Chloroquine resistance and the physiology of the malaria parasite s digestive vacuole

氯喹耐药性和疟疾寄生虫消化液泡的生理学

• 批准号: nhmrc : 418055
• 负责人: Prof Kiaran Kirk
• 金额: $ 19.2万
• 依托单位: Australian National University
• 依托单位国家: 澳大利亚
• 项目类别: NHMRC Project Grants
• 财政年份: 2007
• 资助国家: 澳大利亚
• 起止时间: 2007-01-01 至 2009-12-31
• 项目状态: 已结题
• 来源: https://researchdata.edu.au/chloroquine-resistance-physiology-digestive-vacuole/80754
• 关键词: Chloroquine; resistance; physiology; malaria; parasite

Malaria is an infectious disease, caused by a single-celled parasite which invades the red blood cells of its human host. Each year, malaria causes the death of up to 3 million people, mostly children under the age of 5 The parasite has become resistant to most, if not all, of the antimalarial drugs presently available, and there is no vaccine. There is therefore an urgent need to develop new antimalarial drugs, and-or to devise strategies for overcoming the parasite s drug resistance mechanisms. Chloroquine was, for many years, the mainstay of antimalarial chemotherapy and was, in many senses, a 'wonder-drug' cheap, safe and effective. However the emergence and spread of parasites that are resistant to chloroquine has meant that the drug is now largely useless as an antimalarial. Chloroquine kills (sensitive) parasite through an effect on the parasite s digestive vacuole an internal acidic compartment in which the parasite breaks down protein taken up from its host red blood cell. This compartment plays a crucial role in the growth and proliferation of the parasite. Yet we understand very little about its basic physiology, and nor do we understand the mechanism by which chloroquine-resistant parasites are able to survive exposure to the drug.

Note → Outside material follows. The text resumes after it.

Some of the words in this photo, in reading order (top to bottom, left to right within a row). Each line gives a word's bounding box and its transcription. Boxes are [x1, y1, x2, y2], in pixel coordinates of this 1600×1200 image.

The aim of the work proposed here is to gain an increased understanding of some of the mechanisms underlying the physiology of the parasite s digestive vacuole, as well as some of the factors influencing the accumulation of chloroquine within this compartment. The former part of the work may well reveal new antimalarial drug targets. The latter part of the work will increase our understanding of the mechanism of chloroquine resistance, thereby laying the groundwork for strategies by which these mechanisms might be circumvented and chloroquine-related drugs thereby restored to the front-line of our ongoing and increasingly desperate fight against malaria.

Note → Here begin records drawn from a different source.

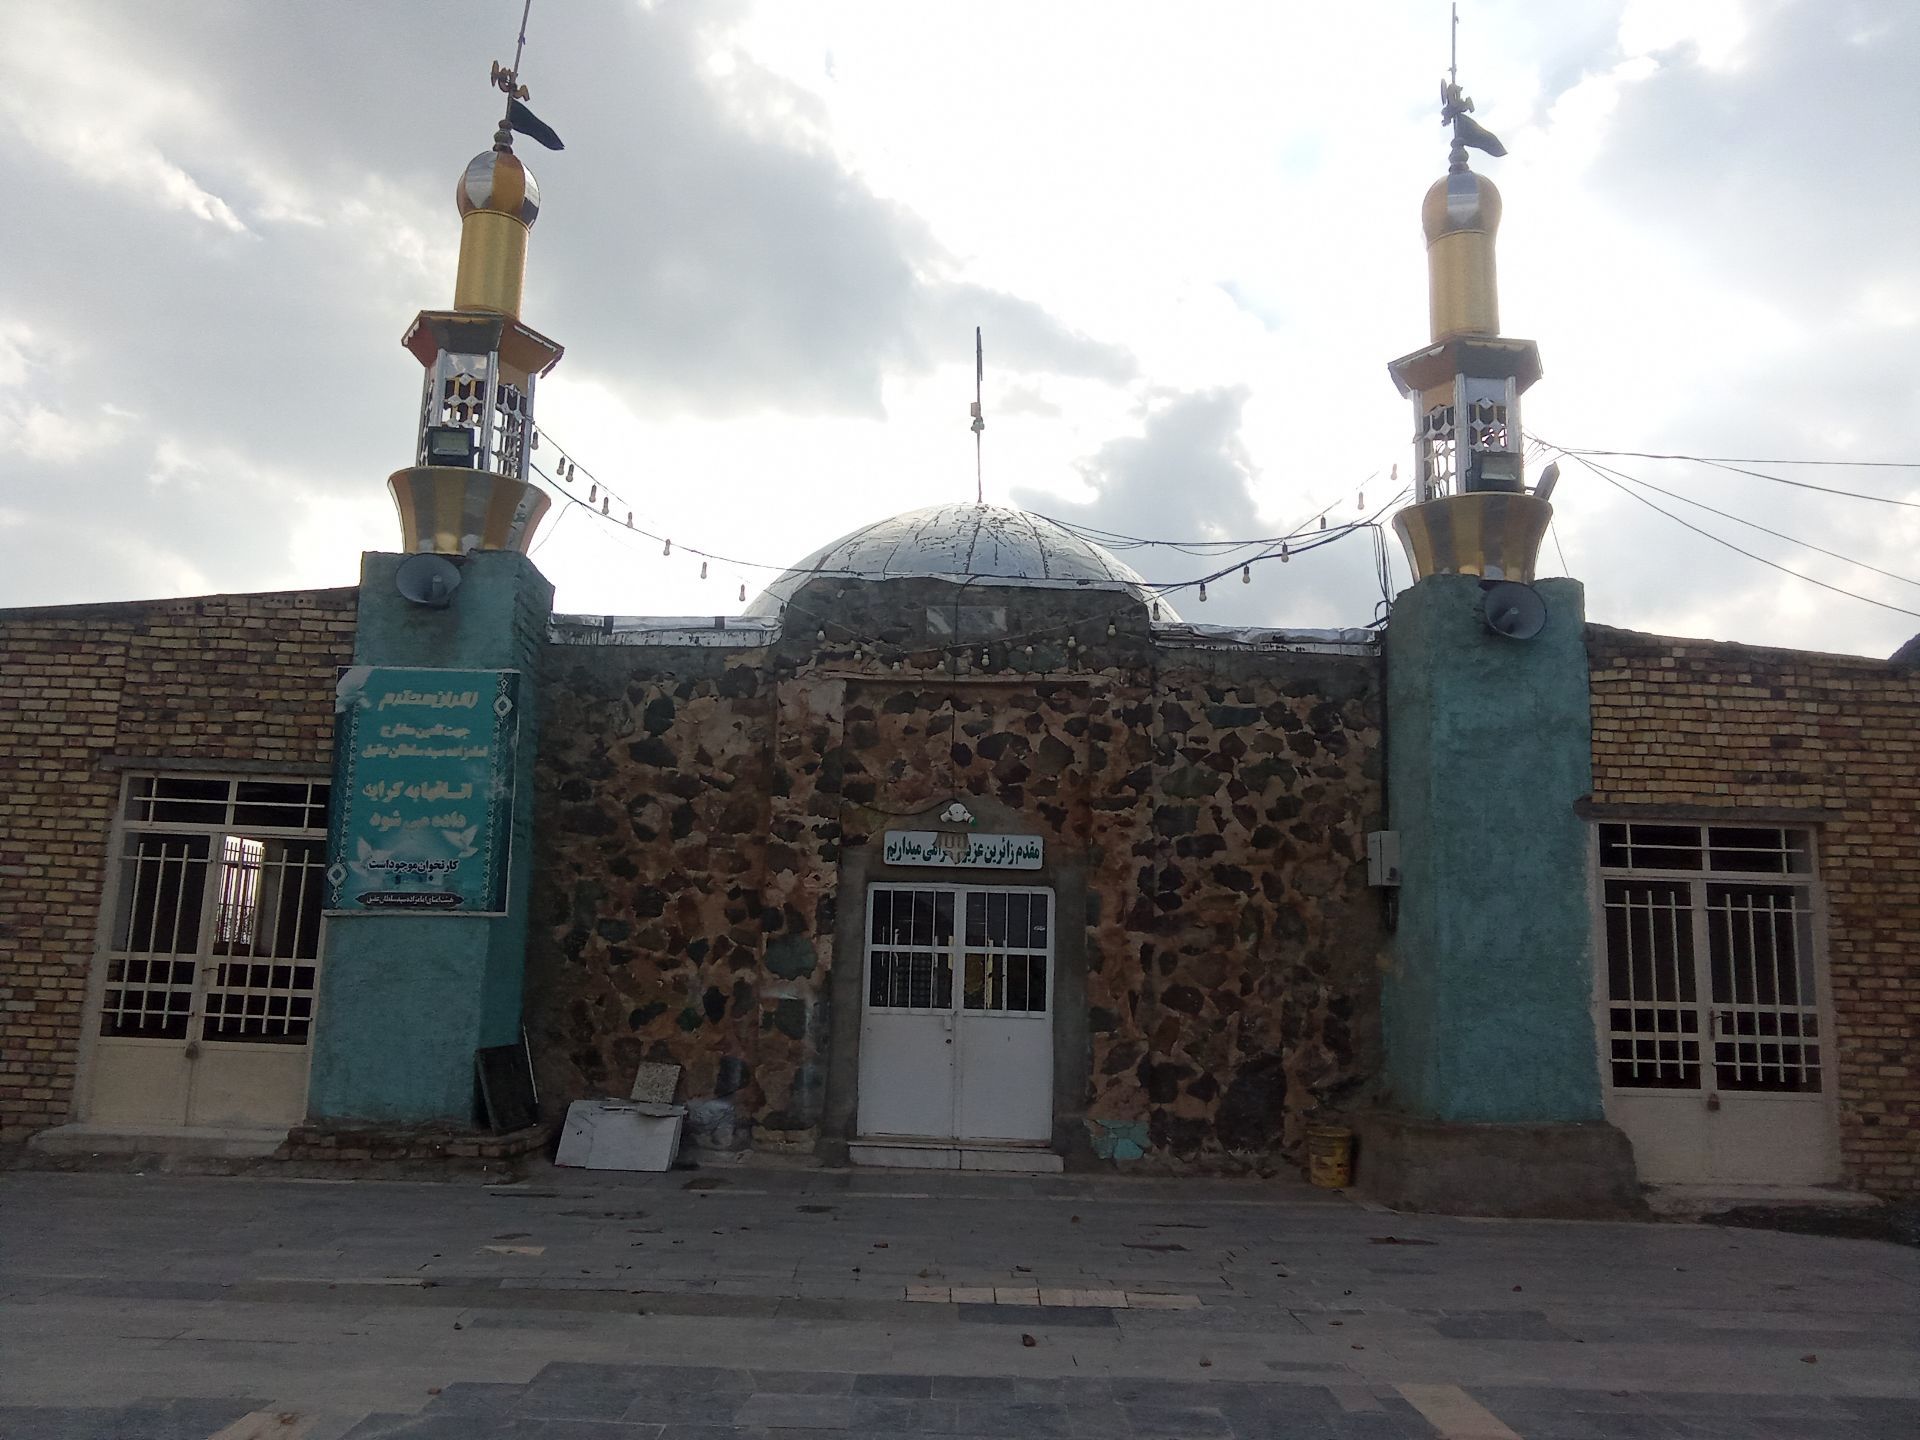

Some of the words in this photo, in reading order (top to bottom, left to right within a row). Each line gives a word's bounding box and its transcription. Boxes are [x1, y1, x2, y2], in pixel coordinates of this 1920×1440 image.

[369, 810, 401, 832] شود
[431, 811, 467, 828] داده
[984, 836, 1015, 865] زائرین
[1016, 840, 1040, 865] مقدم
[368, 859, 390, 869] است
[390, 860, 418, 873] موجود
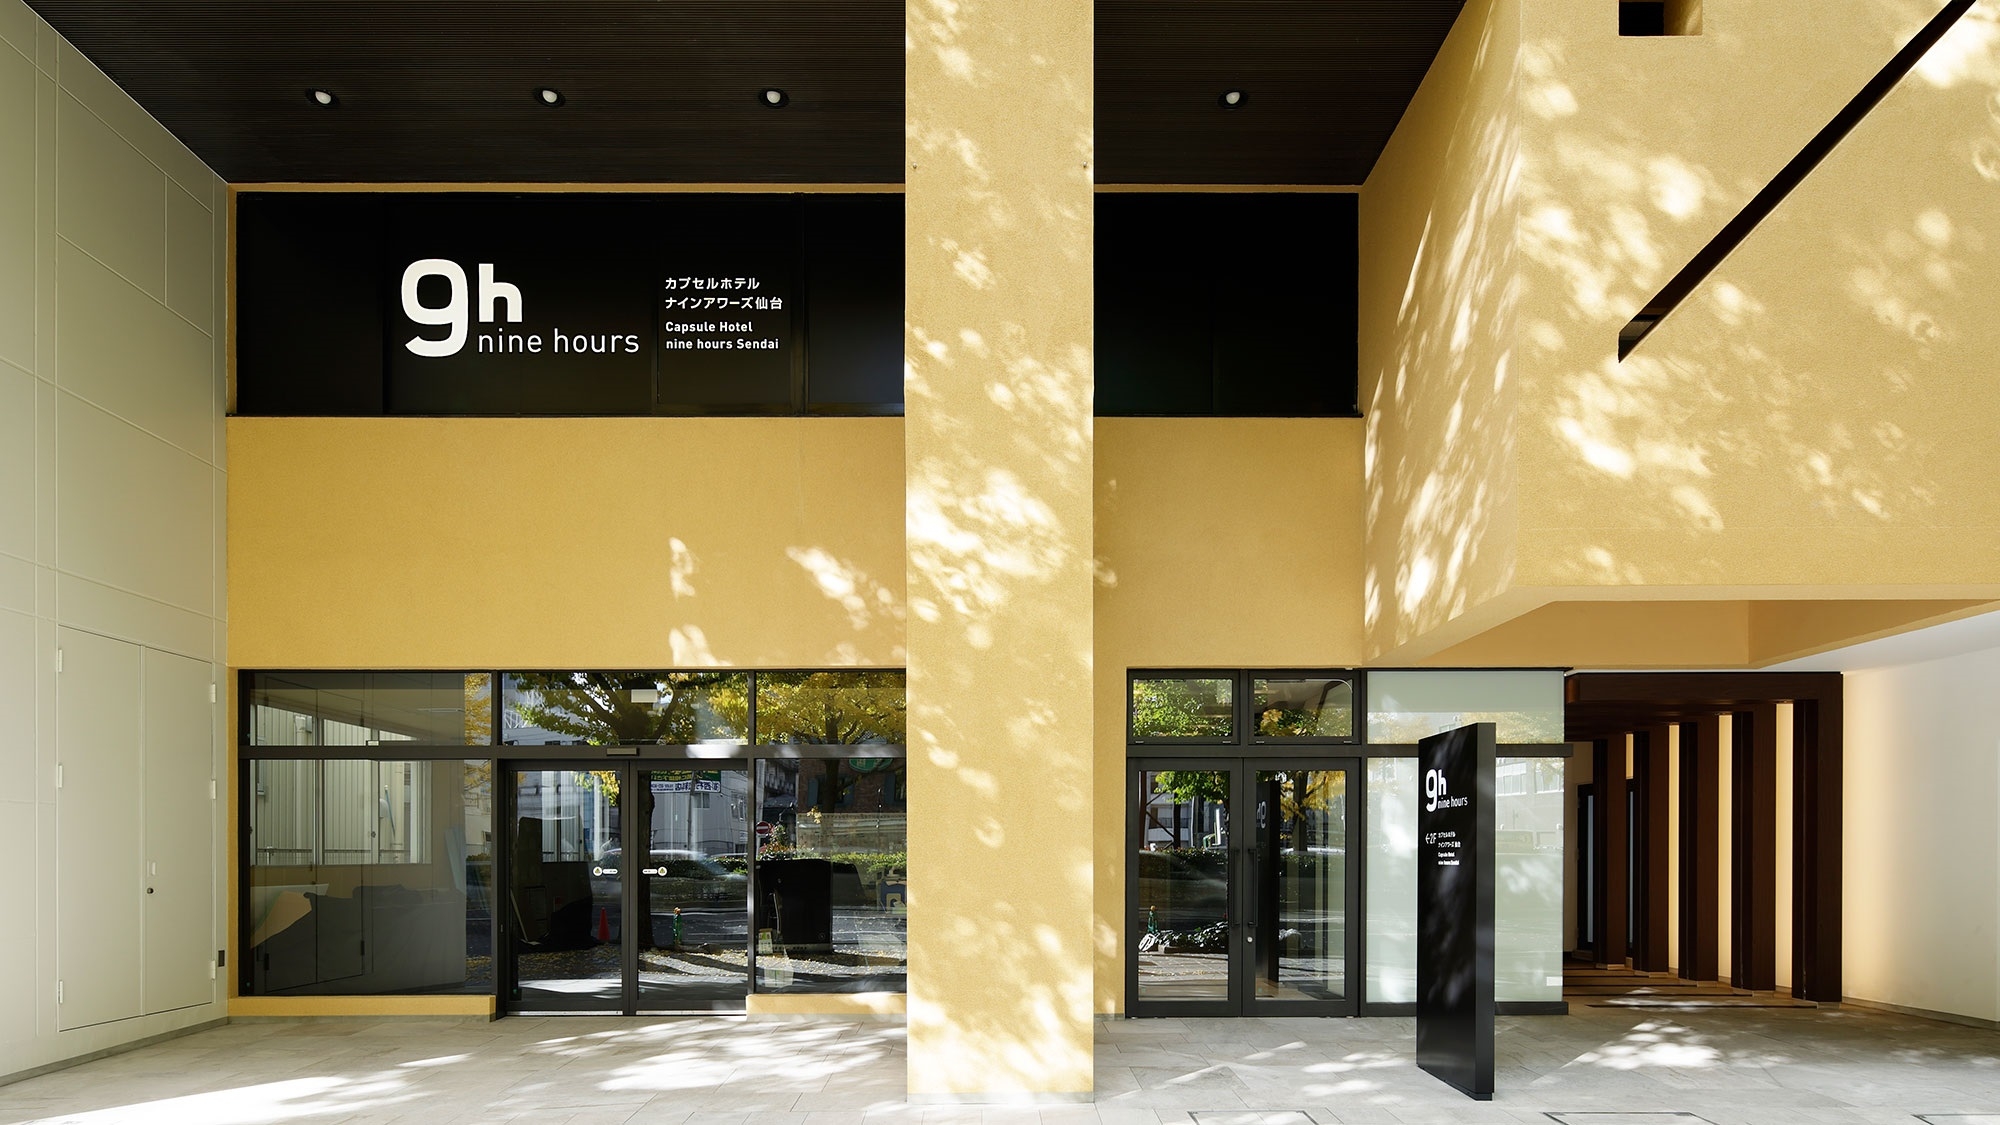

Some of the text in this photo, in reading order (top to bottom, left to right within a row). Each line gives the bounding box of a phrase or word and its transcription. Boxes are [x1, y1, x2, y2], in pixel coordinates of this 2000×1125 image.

疟疾是一种传染病，由一种单细胞寄生虫侵入人体的红细胞引起。每年，疟疾导致多达300万人死亡，其中大多数是5岁以下的儿童。寄生虫已经对目前可用的大多数（如果不是全部的话）抗疟药物产生了抗药性，而且没有疫苗。因此，迫切需要开发新的抗疟药物，和/或设计克服寄生虫抗药性机制的策略。多年来，氯喹一直是抗疟化疗的主要药物，在许多意义上，它是一种便宜、安全和有效的“神奇药物”。然而，对氯喹有抗药性的寄生虫的出现和传播意味着这种药物现在基本上是无用的抗疟疾药物。氯喹通过影响寄生虫的消化泡（一种内部酸性隔室，寄生虫在其中分解从其宿主红细胞中摄取的蛋白质）来杀死（敏感的）寄生虫。这个区室在寄生虫的生长和增殖中起着至关重要的作用。然而，我们对它的基本生理学知之甚少，我们也不了解氯喹抗性寄生虫能够在暴露于药物后存活的机制。本文的目的是进一步了解寄生虫消化泡生理学的一些机制，以及影响氯喹在此隔室中积累的一些因素。前一部分工作很可能揭示新的抗疟疾药物靶点。这项工作的后半部分将增加我们对氯喹抗药性机制的了解，从而为可能绕过这些机制的战略奠定基础，从而使与氯喹有关的药物重新回到我们正在进行的和日益绝望的防治疟疾斗争的第一线。